En Perú duermen sobre los escombros para evitar saqueos

Cientos de familias de la ciudad de Pisco duermen sobre los escombros de sus viviendas para proteger de los saqueos lo que queda de sus bienes y muchas de ellas mandan a niños, mujeres y ancianos para que aguarden en campamentos improvisados en parques y plazas la llegada de ayuda humanitaria tras el sismo del miércoles.

Pisco, Perú, (Télam)
La tarea de remoción de escombros y rescate de cuerpos recién empieza en esta ciudad, donde el 90% de las construcciones se derrumbó a causa del terremoto.
Los bomberos trabajan intensamente en Plaza de Armas donde se concentra la mayoría de los hoteles y el centro comercial, y de a poco llegan a las casas particulares de los alrededores donde todavía, se estima, hay cuerpos atrapados.
La distribución de la ayuda humanitaria -que llega a los aeropuertos de Pisco y Lima y centralizan las fuerzas militares de Perú- es caótica.
Muchos pisqueños optaron por improvisar sus propios campamentos en parques, plazas y en las afueras de la ciudad, donde se multiplican los asentamientos de gente que levanta tiendas con palos y sábanas y organiza ollas comunitarias con lo que recibe en las postas de alimentos.
En el estadio del Club Atlético de Pisco permanecen unas 300 personas que se trasladaron desde la costa, donde el mar subió más de 200 metros tierra adentro y las autoridades emitieron un alerta de tsunami, que después se desactivó.
En el estadio conviven las primeras familias que se instalaron tras la catástrofe, a las que se sumaron las que fueron llegando en las últimas horas.
Un marco en el que la desesperación por la escasez de agua y comida, y las dificultades que hay en la distribución oficial de ayuda, generó algunos enfrentamientos.
El sábado, un grupo de mujeres reclamaba en la puerta del campamento que los bolsones de alimentos sólo llegaba a algunos asentamientos y dejaba afuera a la gente que pernoctaba sobre los escombros o estaba menos organizada o no figuraba en los padrones.
«La ayuda llega por sectores: a los que están en el fondo les dan alimentos todos los días y a nosotros, nada.

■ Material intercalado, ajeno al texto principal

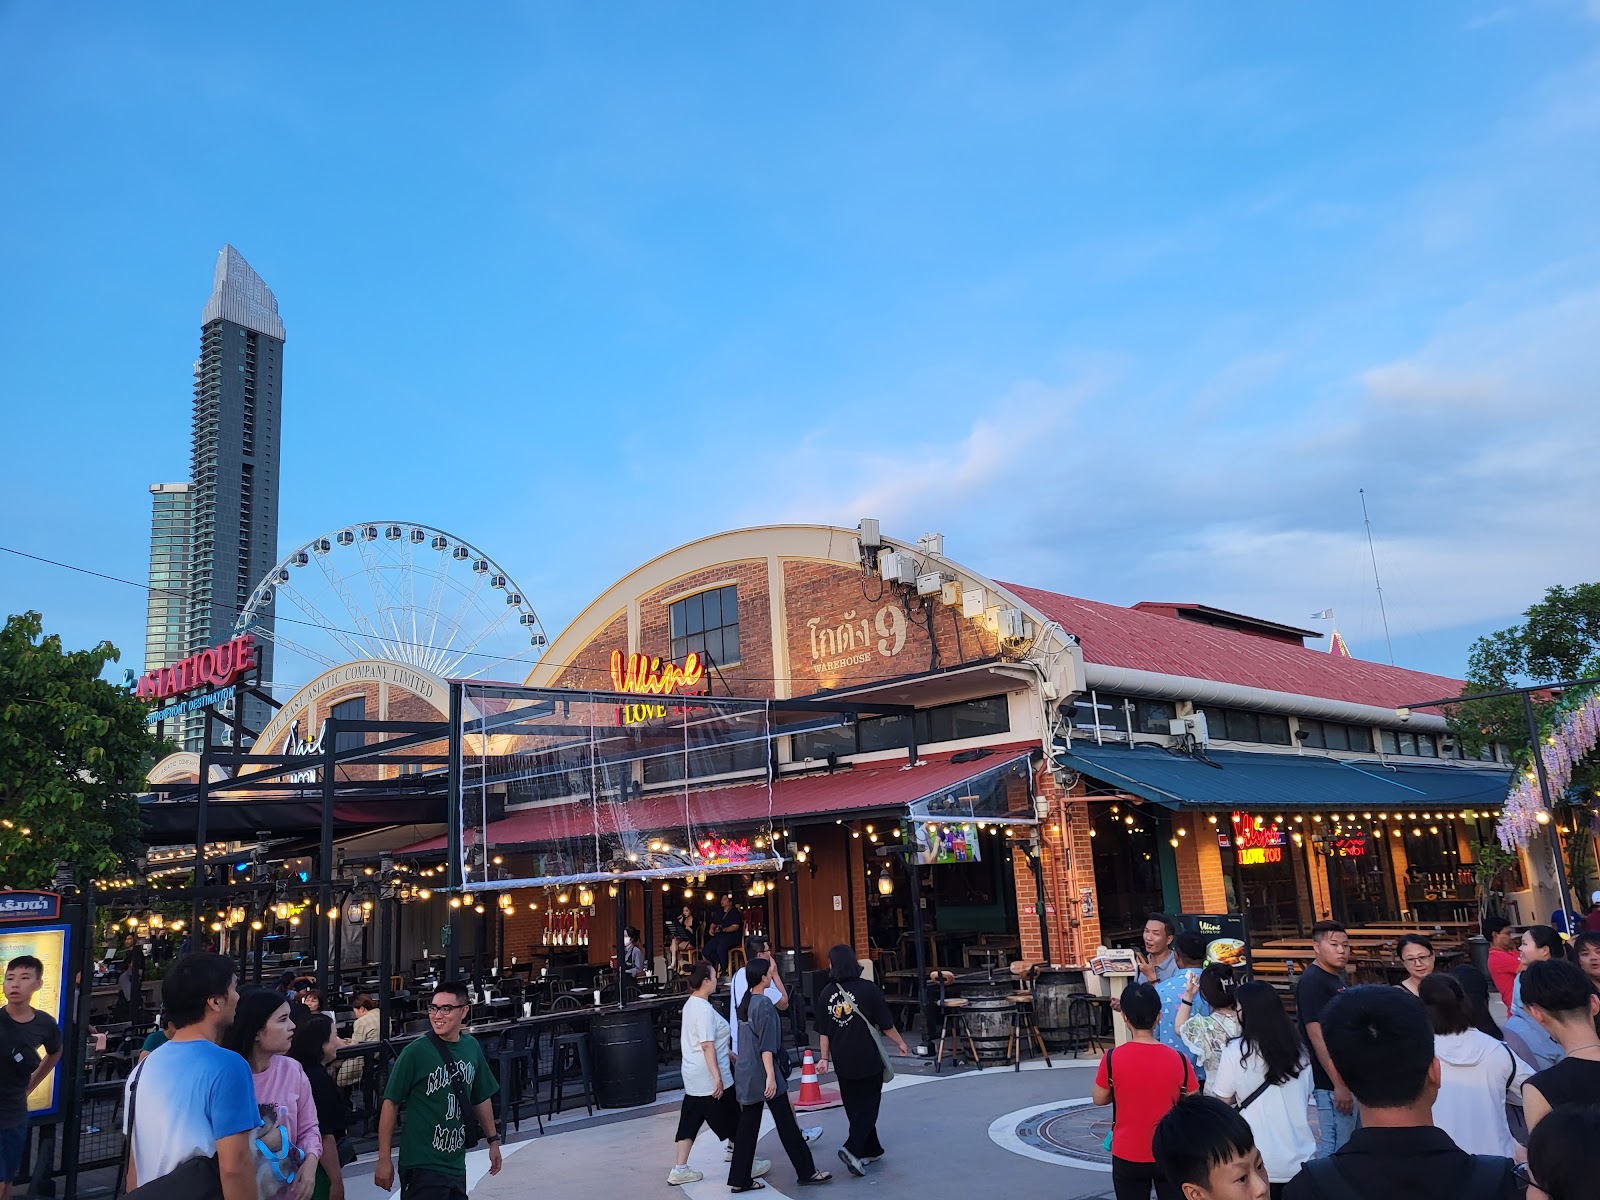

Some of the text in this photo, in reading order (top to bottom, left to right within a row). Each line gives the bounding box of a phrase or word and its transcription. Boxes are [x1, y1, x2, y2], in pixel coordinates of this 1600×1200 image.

[807, 605, 906, 659] โกดัง 9
[135, 634, 255, 698] ASIATIQUE
[610, 649, 705, 695] Wine
[813, 653, 871, 673] WAREHOUSE
[188, 686, 236, 712] DESTINATION
[266, 665, 433, 742] THE EAST ASIATIC COMPANY LIMITED
[625, 704, 667, 725] LOVE
[282, 719, 326, 756] Sail
[1242, 848, 1266, 865] LOVE
[1264, 847, 1281, 863] YOU
[426, 1060, 476, 1096] MASO

No es justo», afirmó a Télam Evelin Herencia Ramírez, al frente de la protesta.

CLIMA TENSO
El clima se volvió tenso en el estadio: las mujeres se trasladaron «al fondo», donde están asentadas varias familias, y exigieron comida.
Por su parte, Saúl Ascasiete Reis, delegado del asentamiento, les explicó que las raciones tienen que alcanzar 15 días y son para las familias que están «desde la primera hora» y anotadas en un padrón.
El ejército peruano y la policía nacional, distribuidos en toda la ciudad incluidos los campamentos, miraban de lejos la escena; a pocos metros, un grupo de militares norteamericanos instalaba una carpa sanitaria y una mujer preguntaba, desesperada, dónde pasar la noche.
El hambre empieza a desplazar todos los problemas y en los últimos días es la preocupación excluyente de los que sobrevivieron al temblor.
William Neira es pescador, tiene tres hijos y es uno de los que vive «en el fondo y desde la primera hora». Su casa quedó destruida, pero él pernocta sobre los escombros porque dice que todavía se pueden rescatar algunas cosas y deja a su mujer y a los niños en el campamento.
«Todavía hay muertos que no sacaron y como pasaron varios días, el olor es fuerte y les hace mal a los chicos», explicó.
Neira vive en una tienda que armó con sábanas y palos; pese a los envíos internacionales de ayuda humanitaria que se anuncian a diario en los medios de comunicación, son muy pocas las carpas que se ven en los asentamientos.
Después de las 5 de la tarde, cuando el sol baja, las tareas de remoción de escombros y verificación edilicia se intensifican aún más.
Personal de Defensa Civil, militares, bomberos y la policía nacional revisan lo que queda de las construcciones y las instalaciones eléctricas, antes de autorizar la entrada de las máquinas que levantan los escombros más pesados.
La gente trabaja a la par y rescata lo que puede: un juguete, una heladera que ya no funciona, el pedazo de un mueble, un colchón. Los cargan en unos carros que empujan a mano o los enganchan a una bicicleta y se lo llevan a donde sea que pasen la noche.
Las cifras oficiales no se actualizan. Según el último reporte de Naciones Unidas (ONU) que circula, al menos desde el viernes pasado, las familias afectadas son cerca de 17.000.